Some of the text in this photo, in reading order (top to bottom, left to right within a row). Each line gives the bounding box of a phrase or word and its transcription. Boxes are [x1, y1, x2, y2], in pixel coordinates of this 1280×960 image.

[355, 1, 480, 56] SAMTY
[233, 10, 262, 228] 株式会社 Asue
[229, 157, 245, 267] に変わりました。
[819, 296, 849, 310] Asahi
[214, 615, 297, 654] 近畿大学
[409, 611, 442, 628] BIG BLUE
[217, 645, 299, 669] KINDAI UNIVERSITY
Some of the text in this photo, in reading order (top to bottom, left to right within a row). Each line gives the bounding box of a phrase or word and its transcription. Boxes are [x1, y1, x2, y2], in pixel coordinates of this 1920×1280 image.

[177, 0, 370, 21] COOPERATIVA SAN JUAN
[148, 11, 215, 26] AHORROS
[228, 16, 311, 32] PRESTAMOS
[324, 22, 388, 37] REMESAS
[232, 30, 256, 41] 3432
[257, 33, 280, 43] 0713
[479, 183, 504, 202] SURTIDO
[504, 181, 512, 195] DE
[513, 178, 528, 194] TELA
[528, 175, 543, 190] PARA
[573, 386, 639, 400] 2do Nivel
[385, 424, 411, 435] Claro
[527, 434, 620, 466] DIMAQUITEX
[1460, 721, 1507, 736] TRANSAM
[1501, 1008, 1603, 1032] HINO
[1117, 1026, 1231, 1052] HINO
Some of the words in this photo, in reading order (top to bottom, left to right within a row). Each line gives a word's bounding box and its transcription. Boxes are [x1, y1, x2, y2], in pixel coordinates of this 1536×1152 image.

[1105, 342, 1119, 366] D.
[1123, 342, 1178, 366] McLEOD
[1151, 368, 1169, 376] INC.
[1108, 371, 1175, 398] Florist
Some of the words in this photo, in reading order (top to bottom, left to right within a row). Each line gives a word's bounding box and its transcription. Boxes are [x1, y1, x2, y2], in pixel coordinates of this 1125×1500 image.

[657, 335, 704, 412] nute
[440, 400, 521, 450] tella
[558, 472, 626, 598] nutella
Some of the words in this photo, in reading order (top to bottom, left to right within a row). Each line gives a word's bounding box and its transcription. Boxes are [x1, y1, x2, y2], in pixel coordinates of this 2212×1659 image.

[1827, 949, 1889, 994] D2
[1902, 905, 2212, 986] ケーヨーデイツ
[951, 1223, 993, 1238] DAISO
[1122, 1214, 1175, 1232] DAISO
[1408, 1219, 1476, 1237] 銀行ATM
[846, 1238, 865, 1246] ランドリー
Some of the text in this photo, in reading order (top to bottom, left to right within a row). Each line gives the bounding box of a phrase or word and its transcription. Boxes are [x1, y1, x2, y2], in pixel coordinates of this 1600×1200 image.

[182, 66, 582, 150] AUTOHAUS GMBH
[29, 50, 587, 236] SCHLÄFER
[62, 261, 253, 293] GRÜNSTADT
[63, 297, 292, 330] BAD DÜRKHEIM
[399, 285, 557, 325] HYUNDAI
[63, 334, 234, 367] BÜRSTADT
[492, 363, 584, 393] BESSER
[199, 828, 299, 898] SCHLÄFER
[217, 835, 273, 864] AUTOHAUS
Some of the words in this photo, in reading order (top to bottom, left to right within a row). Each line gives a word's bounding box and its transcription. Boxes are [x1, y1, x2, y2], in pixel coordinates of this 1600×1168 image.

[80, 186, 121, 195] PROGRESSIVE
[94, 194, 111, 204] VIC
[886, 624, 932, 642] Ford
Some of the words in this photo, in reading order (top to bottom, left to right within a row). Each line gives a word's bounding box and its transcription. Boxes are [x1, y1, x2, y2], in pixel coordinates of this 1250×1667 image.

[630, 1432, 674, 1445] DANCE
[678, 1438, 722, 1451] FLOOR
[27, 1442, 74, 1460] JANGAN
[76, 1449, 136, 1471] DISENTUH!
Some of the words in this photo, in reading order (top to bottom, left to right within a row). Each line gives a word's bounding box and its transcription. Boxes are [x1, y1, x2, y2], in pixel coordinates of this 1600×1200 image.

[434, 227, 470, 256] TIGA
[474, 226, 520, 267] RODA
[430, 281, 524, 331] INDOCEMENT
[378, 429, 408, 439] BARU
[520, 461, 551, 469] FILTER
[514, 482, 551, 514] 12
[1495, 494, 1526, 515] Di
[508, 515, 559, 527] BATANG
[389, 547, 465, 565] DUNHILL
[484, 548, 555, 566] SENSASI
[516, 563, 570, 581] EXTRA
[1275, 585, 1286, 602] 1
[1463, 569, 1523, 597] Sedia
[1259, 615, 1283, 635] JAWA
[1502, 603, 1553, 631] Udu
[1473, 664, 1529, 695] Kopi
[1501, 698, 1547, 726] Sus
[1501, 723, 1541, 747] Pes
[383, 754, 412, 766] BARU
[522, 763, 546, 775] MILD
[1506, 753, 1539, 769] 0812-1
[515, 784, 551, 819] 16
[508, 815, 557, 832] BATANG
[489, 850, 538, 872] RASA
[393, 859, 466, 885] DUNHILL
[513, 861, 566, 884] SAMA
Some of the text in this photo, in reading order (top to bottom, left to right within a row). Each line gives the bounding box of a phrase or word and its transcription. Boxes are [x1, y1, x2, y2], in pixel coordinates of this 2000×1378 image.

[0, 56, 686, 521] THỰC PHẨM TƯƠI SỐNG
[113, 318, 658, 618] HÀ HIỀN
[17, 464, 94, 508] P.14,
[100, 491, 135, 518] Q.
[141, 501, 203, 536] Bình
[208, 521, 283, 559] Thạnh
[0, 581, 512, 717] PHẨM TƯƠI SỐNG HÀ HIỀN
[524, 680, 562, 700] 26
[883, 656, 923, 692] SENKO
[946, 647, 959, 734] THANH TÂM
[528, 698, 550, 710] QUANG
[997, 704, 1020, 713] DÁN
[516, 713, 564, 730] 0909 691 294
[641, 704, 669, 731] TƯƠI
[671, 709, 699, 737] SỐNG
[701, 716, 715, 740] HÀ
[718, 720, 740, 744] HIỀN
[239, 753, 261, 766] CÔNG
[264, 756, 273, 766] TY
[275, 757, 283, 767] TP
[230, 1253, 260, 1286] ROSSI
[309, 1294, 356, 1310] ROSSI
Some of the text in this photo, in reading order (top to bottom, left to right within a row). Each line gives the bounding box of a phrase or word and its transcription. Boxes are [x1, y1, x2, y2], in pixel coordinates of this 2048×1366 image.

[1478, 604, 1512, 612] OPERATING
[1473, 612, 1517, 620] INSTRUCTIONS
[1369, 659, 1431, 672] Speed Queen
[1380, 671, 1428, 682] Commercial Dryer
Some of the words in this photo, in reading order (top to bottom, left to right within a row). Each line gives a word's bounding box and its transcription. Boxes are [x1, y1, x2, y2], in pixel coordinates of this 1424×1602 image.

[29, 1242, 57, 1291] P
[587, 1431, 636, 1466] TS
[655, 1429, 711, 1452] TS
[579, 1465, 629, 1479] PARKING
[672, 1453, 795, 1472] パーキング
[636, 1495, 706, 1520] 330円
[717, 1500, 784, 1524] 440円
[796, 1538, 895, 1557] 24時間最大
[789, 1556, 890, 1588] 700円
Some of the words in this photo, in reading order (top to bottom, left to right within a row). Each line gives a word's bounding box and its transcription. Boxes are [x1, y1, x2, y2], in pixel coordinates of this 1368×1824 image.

== Exercise goal ==
Write the material above out once more, exactly as it stands.

== Exercise response ==
Some of the text in this photo, in reading order (top to bottom, left to right within a row). Each line gives the bounding box of a phrase or word and its transcription. Boxes are [x1, y1, x2, y2], in pixel coordinates of this 1280×960 image.

[355, 1, 480, 56] SAMTY
[233, 10, 262, 228] 株式会社 Asue
[229, 157, 245, 267] に変わりました。
[819, 296, 849, 310] Asahi
[214, 615, 297, 654] 近畿大学
[409, 611, 442, 628] BIG BLUE
[217, 645, 299, 669] KINDAI UNIVERSITY
Some of the text in this photo, in reading order (top to bottom, left to right within a row). Each line gives the bounding box of a phrase or word and its transcription. Boxes are [x1, y1, x2, y2], in pixel coordinates of this 1920×1280 image.

[177, 0, 370, 21] COOPERATIVA SAN JUAN
[148, 11, 215, 26] AHORROS
[228, 16, 311, 32] PRESTAMOS
[324, 22, 388, 37] REMESAS
[232, 30, 256, 41] 3432
[257, 33, 280, 43] 0713
[479, 183, 504, 202] SURTIDO
[504, 181, 512, 195] DE
[513, 178, 528, 194] TELA
[528, 175, 543, 190] PARA
[573, 386, 639, 400] 2do Nivel
[385, 424, 411, 435] Claro
[527, 434, 620, 466] DIMAQUITEX
[1460, 721, 1507, 736] TRANSAM
[1501, 1008, 1603, 1032] HINO
[1117, 1026, 1231, 1052] HINO
Some of the words in this photo, in reading order (top to bottom, left to right within a row). Each line gives a word's bounding box and its transcription. Boxes are [x1, y1, x2, y2], in pixel coordinates of this 1536×1152 image.

[1105, 342, 1119, 366] D.
[1123, 342, 1178, 366] McLEOD
[1151, 368, 1169, 376] INC.
[1108, 371, 1175, 398] Florist
Some of the words in this photo, in reading order (top to bottom, left to right within a row). Each line gives a word's bounding box and its transcription. Boxes are [x1, y1, x2, y2], in pixel coordinates of this 1125×1500 image.

[657, 335, 704, 412] nute
[440, 400, 521, 450] tella
[558, 472, 626, 598] nutella
Some of the words in this photo, in reading order (top to bottom, left to right within a row). Each line gives a word's bounding box and its transcription. Boxes are [x1, y1, x2, y2], in pixel coordinates of this 2212×1659 image.

[1827, 949, 1889, 994] D2
[1902, 905, 2212, 986] ケーヨーデイツ
[951, 1223, 993, 1238] DAISO
[1122, 1214, 1175, 1232] DAISO
[1408, 1219, 1476, 1237] 銀行ATM
[846, 1238, 865, 1246] ランドリー
Some of the text in this photo, in reading order (top to bottom, left to right within a row). Each line gives the bounding box of a phrase or word and its transcription. Boxes are [x1, y1, x2, y2], in pixel coordinates of this 1600×1200 image.

[182, 66, 582, 150] AUTOHAUS GMBH
[29, 50, 587, 236] SCHLÄFER
[62, 261, 253, 293] GRÜNSTADT
[63, 297, 292, 330] BAD DÜRKHEIM
[399, 285, 557, 325] HYUNDAI
[63, 334, 234, 367] BÜRSTADT
[492, 363, 584, 393] BESSER
[199, 828, 299, 898] SCHLÄFER
[217, 835, 273, 864] AUTOHAUS
Some of the words in this photo, in reading order (top to bottom, left to right within a row). Each line gives a word's bounding box and its transcription. Boxes are [x1, y1, x2, y2], in pixel coordinates of this 1600×1168 image.

[80, 186, 121, 195] PROGRESSIVE
[94, 194, 111, 204] VIC
[886, 624, 932, 642] Ford
Some of the words in this photo, in reading order (top to bottom, left to right within a row). Each line gives a word's bounding box and its transcription. Boxes are [x1, y1, x2, y2], in pixel coordinates of this 1250×1667 image.

[630, 1432, 674, 1445] DANCE
[678, 1438, 722, 1451] FLOOR
[27, 1442, 74, 1460] JANGAN
[76, 1449, 136, 1471] DISENTUH!
Some of the words in this photo, in reading order (top to bottom, left to right within a row). Each line gives a word's bounding box and its transcription. Boxes are [x1, y1, x2, y2], in pixel coordinates of this 1600×1200 image.

[434, 227, 470, 256] TIGA
[474, 226, 520, 267] RODA
[430, 281, 524, 331] INDOCEMENT
[378, 429, 408, 439] BARU
[520, 461, 551, 469] FILTER
[514, 482, 551, 514] 12
[1495, 494, 1526, 515] Di
[508, 515, 559, 527] BATANG
[389, 547, 465, 565] DUNHILL
[484, 548, 555, 566] SENSASI
[516, 563, 570, 581] EXTRA
[1275, 585, 1286, 602] 1
[1463, 569, 1523, 597] Sedia
[1259, 615, 1283, 635] JAWA
[1502, 603, 1553, 631] Udu
[1473, 664, 1529, 695] Kopi
[1501, 698, 1547, 726] Sus
[1501, 723, 1541, 747] Pes
[383, 754, 412, 766] BARU
[522, 763, 546, 775] MILD
[1506, 753, 1539, 769] 0812-1
[515, 784, 551, 819] 16
[508, 815, 557, 832] BATANG
[489, 850, 538, 872] RASA
[393, 859, 466, 885] DUNHILL
[513, 861, 566, 884] SAMA
Some of the text in this photo, in reading order (top to bottom, left to right within a row). Each line gives the bounding box of a phrase or word and its transcription. Boxes are [x1, y1, x2, y2], in pixel coordinates of this 2000×1378 image.

[0, 56, 686, 521] THỰC PHẨM TƯƠI SỐNG
[113, 318, 658, 618] HÀ HIỀN
[17, 464, 94, 508] P.14,
[100, 491, 135, 518] Q.
[141, 501, 203, 536] Bình
[208, 521, 283, 559] Thạnh
[0, 581, 512, 717] PHẨM TƯƠI SỐNG HÀ HIỀN
[524, 680, 562, 700] 26
[883, 656, 923, 692] SENKO
[946, 647, 959, 734] THANH TÂM
[528, 698, 550, 710] QUANG
[997, 704, 1020, 713] DÁN
[516, 713, 564, 730] 0909 691 294
[641, 704, 669, 731] TƯƠI
[671, 709, 699, 737] SỐNG
[701, 716, 715, 740] HÀ
[718, 720, 740, 744] HIỀN
[239, 753, 261, 766] CÔNG
[264, 756, 273, 766] TY
[275, 757, 283, 767] TP
[230, 1253, 260, 1286] ROSSI
[309, 1294, 356, 1310] ROSSI
Some of the text in this photo, in reading order (top to bottom, left to right within a row). Each line gives the bounding box of a phrase or word and its transcription. Boxes are [x1, y1, x2, y2], in pixel coordinates of this 2048×1366 image.

[1478, 604, 1512, 612] OPERATING
[1473, 612, 1517, 620] INSTRUCTIONS
[1369, 659, 1431, 672] Speed Queen
[1380, 671, 1428, 682] Commercial Dryer
Some of the words in this photo, in reading order (top to bottom, left to right within a row). Each line gives a word's bounding box and its transcription. Boxes are [x1, y1, x2, y2], in pixel coordinates of this 1424×1602 image.

[29, 1242, 57, 1291] P
[587, 1431, 636, 1466] TS
[655, 1429, 711, 1452] TS
[579, 1465, 629, 1479] PARKING
[672, 1453, 795, 1472] パーキング
[636, 1495, 706, 1520] 330円
[717, 1500, 784, 1524] 440円
[796, 1538, 895, 1557] 24時間最大
[789, 1556, 890, 1588] 700円
Some of the words in this photo, in reading order (top to bottom, left to right within a row). Each line gives a word's bounding box and its transcription. Boxes are [x1, y1, x2, y2], in pixel coordinates of this 1368×1824 image.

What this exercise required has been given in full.